▶ [Try it]: An exact reproduction of the records is required, with all images left out.

▶ [Supplied records]:
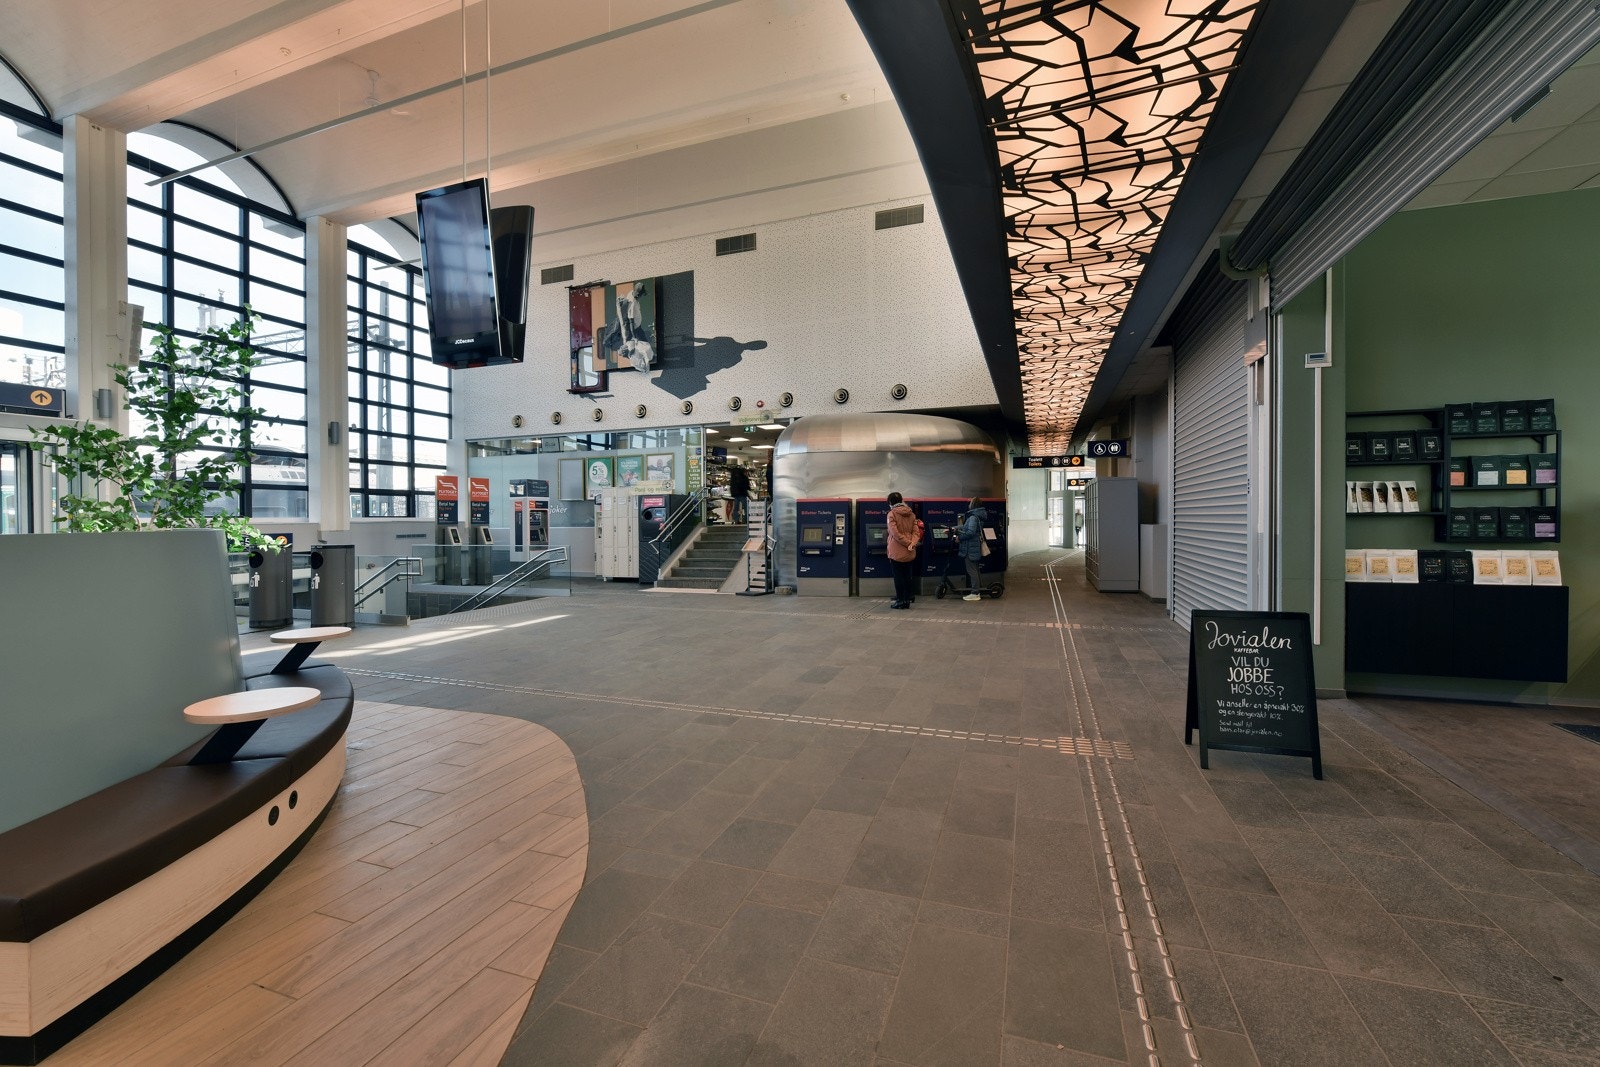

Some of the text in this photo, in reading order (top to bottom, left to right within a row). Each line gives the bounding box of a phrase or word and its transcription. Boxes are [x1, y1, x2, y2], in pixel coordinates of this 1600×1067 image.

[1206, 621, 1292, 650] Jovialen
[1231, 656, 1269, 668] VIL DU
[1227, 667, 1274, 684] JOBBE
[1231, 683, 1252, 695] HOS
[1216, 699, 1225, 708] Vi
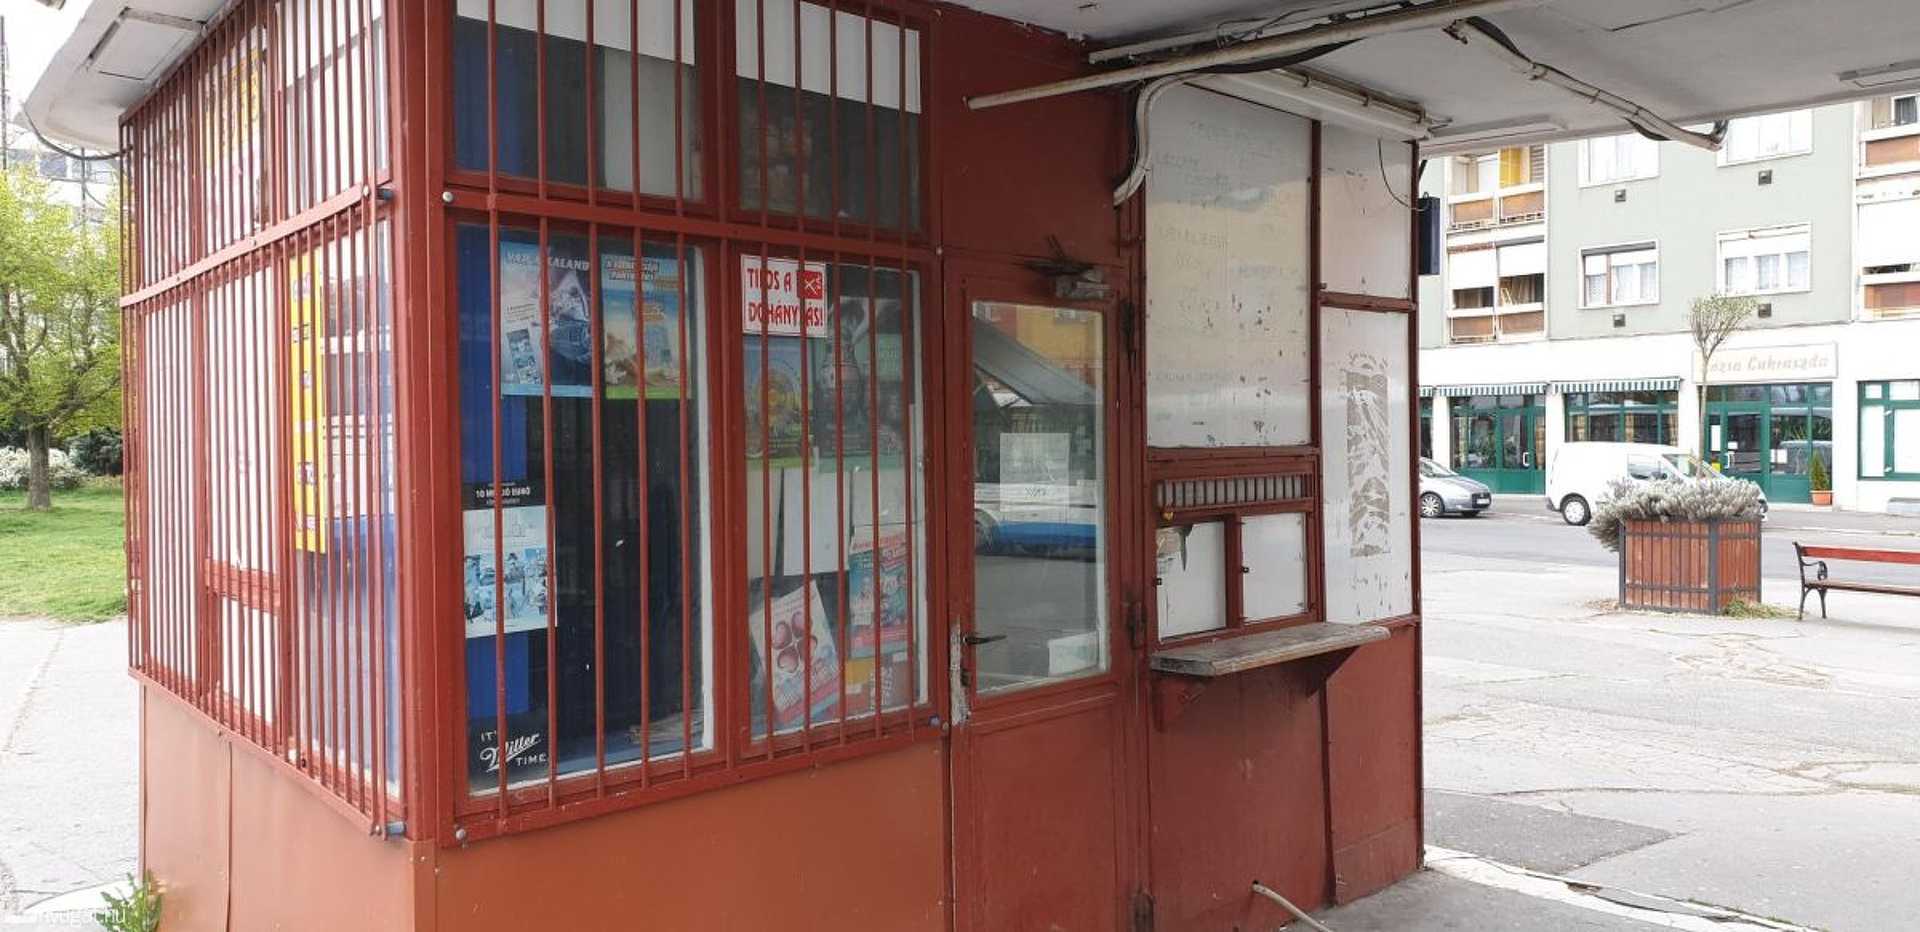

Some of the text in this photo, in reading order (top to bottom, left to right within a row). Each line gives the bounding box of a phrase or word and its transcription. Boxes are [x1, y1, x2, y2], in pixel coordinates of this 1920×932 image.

▶ [Task response]:
Some of the text in this photo, in reading order (top to bottom, left to right within a row). Each line gives the bounding box of a phrase or word and its transcription. Boxes are [x1, y1, x2, y2], in pixel coordinates of this 1600×1067 image.

[1206, 621, 1292, 650] Jovialen
[1231, 656, 1269, 668] VIL DU
[1227, 667, 1274, 684] JOBBE
[1231, 683, 1252, 695] HOS
[1216, 699, 1225, 708] Vi

Some of the text in this photo, in reading order (top to bottom, left to right within a row). Each line gives the bounding box of a phrase or word and its transcription. Boxes are [x1, y1, x2, y2], in pixel coordinates of this 1920×932 image.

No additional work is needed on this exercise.